Sonatrach quickly backtracked, saying the CEO had been misquoted, and filed a complaint against Liberté.

In Congo, Italian energy company Eni has been producing oil from offshore fields for decades. Photo: ENI/Epa/shutterstock

In the weeks that followed, Algerian authorities made clear they were eager to take back market share from Russia. In April 2022, Italian Prime Minister Draghi met with the Algerian president in Algiers, where executives from Eni and Sonatrach signed a deal to increase gas deliveries to Italy. 

In Azerbaijan, the consortium led by BP is working to boost production from the country’s Shah Deniz project in the Caspian Sea. The companies also are working to extract gas trapped underneath oil reserves at the ACG field, about 60 miles east of Baku in the Caspian. Together, those new supplies will help the country meet an agreement signed last year to boost deliveries of gas from 10 billion cubic meters of gas to 20 billion by 2027. 

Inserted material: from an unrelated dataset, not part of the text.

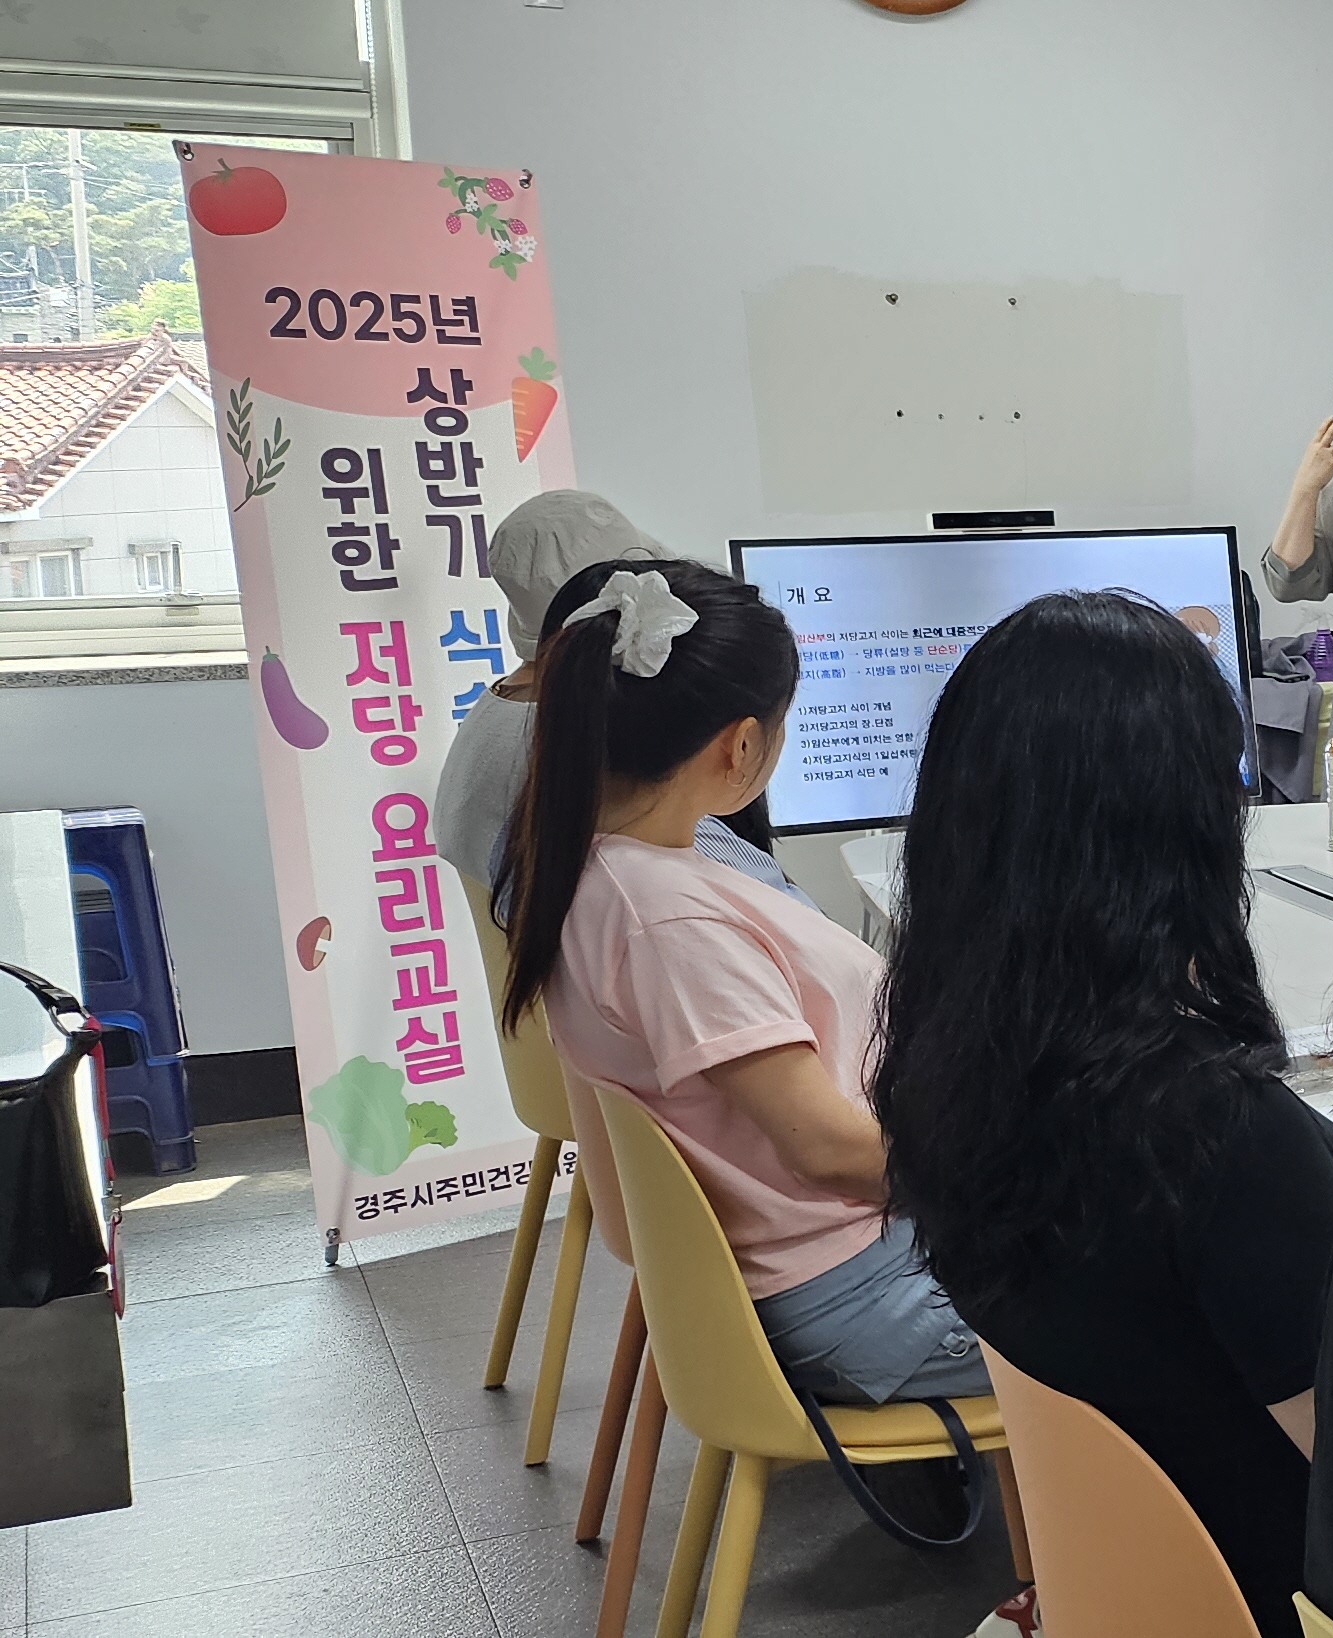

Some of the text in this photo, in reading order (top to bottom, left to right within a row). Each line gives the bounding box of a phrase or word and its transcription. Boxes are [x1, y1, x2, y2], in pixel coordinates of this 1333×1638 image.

[264, 287, 482, 346] 2025년
[407, 368, 490, 579] 상반기
[320, 447, 466, 1085] 위한 저당 요리교실

In Congo, Eni has been producing oil from offshore fields for decades, pumping excess natural gas into a storage reservoir under the sea floor. When the global economy emerged from Covid lockdowns, executives hatched a plan to sell that gas and produce more by using a boat that could liquefy the fuel for LNG tankers.

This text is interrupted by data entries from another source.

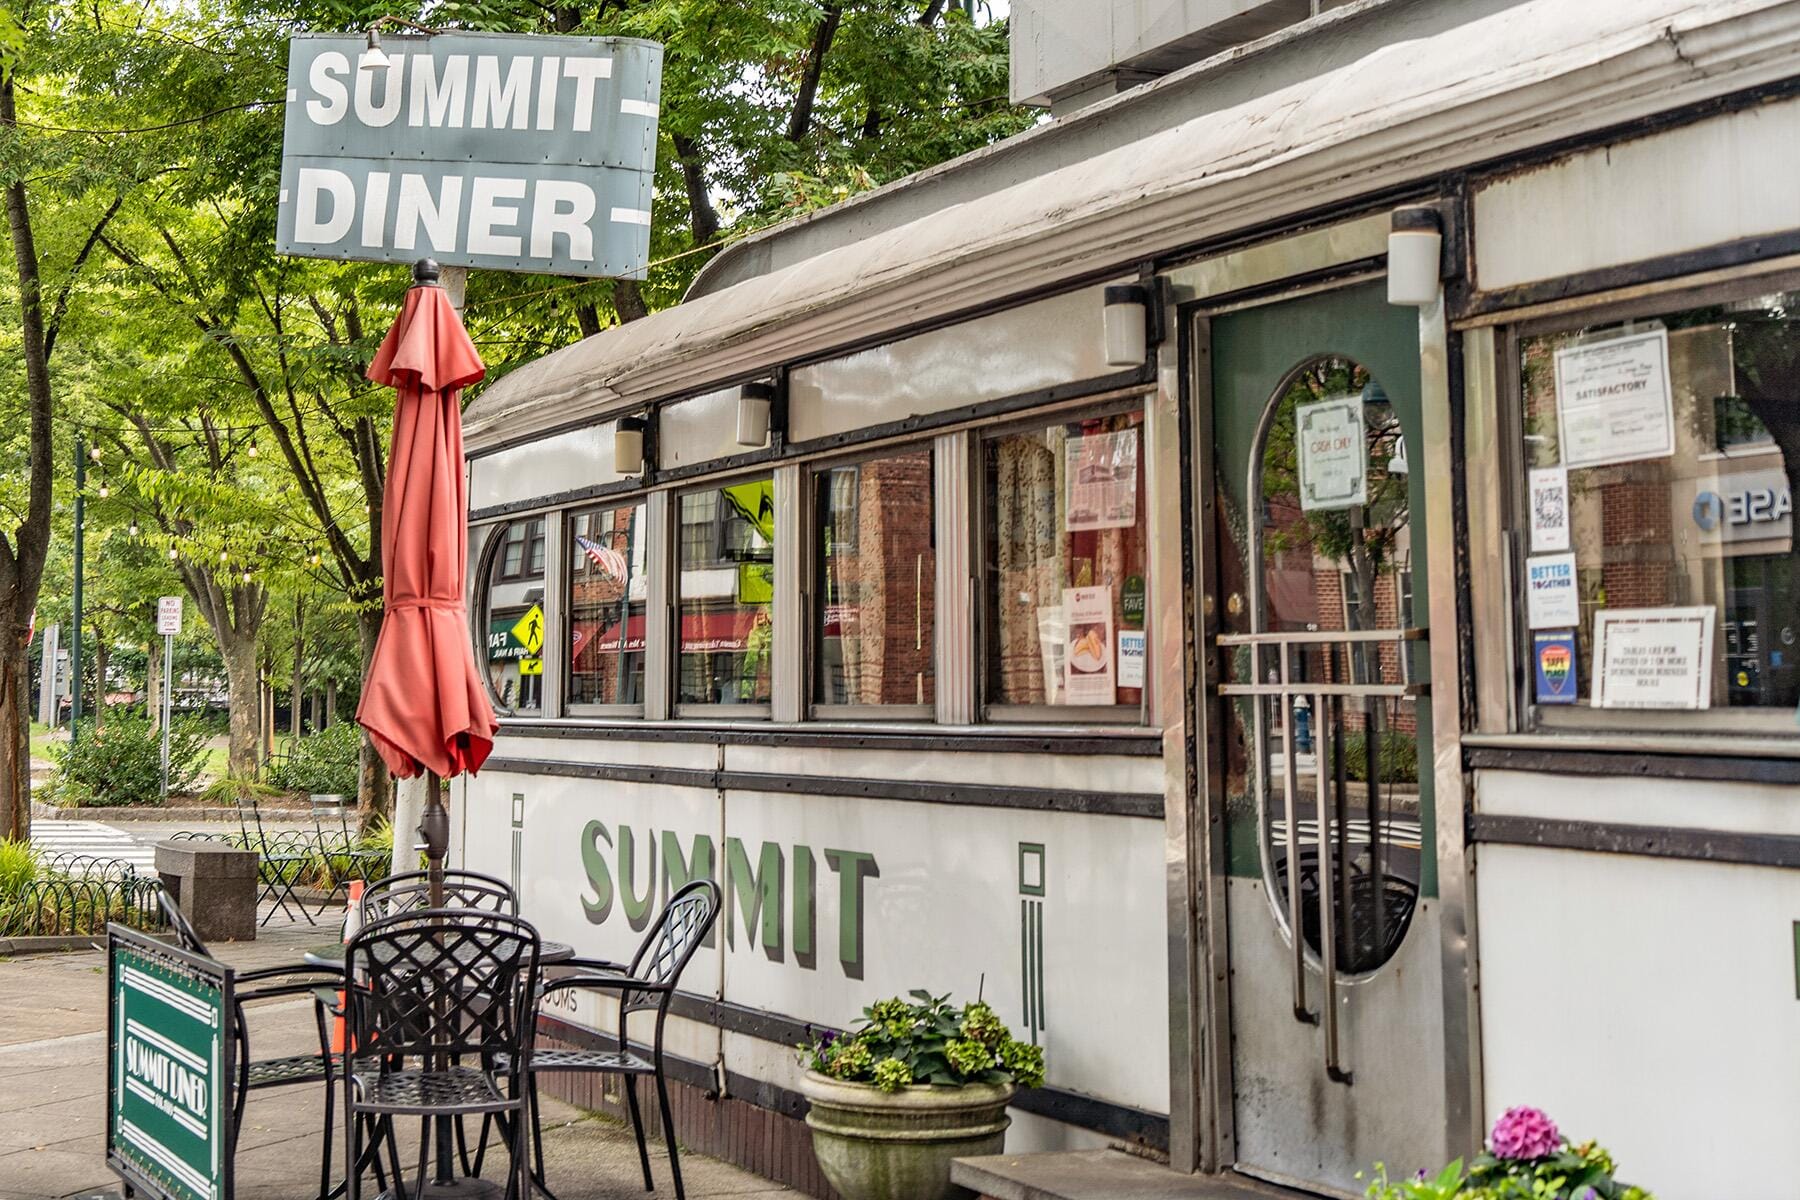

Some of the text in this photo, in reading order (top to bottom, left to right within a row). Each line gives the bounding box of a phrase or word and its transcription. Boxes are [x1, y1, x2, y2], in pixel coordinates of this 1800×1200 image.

[306, 51, 613, 132] SUMMIT
[294, 167, 597, 262] DINER
[1576, 380, 1647, 401] SATISFACTORY
[1531, 564, 1570, 580] BETTER
[1532, 578, 1571, 590] TOGETHER
[1124, 598, 1144, 611] FAVE
[580, 819, 880, 981] SUMMIT
[127, 1036, 170, 1093] SUMMIT

It began negotiations to buy one of the few such vessels on the market, from Exmar, a Belgian company. It was sitting unused in a port in Uruguay. Competitors, though, had the same idea.

“Everyone was going after this asset,” said Jonathan Raes, executive director of infrastructure for Exmar.

Eni announced a deal to buy the vessel in August 2022. The company said it is on track to start liquefying gas this year. 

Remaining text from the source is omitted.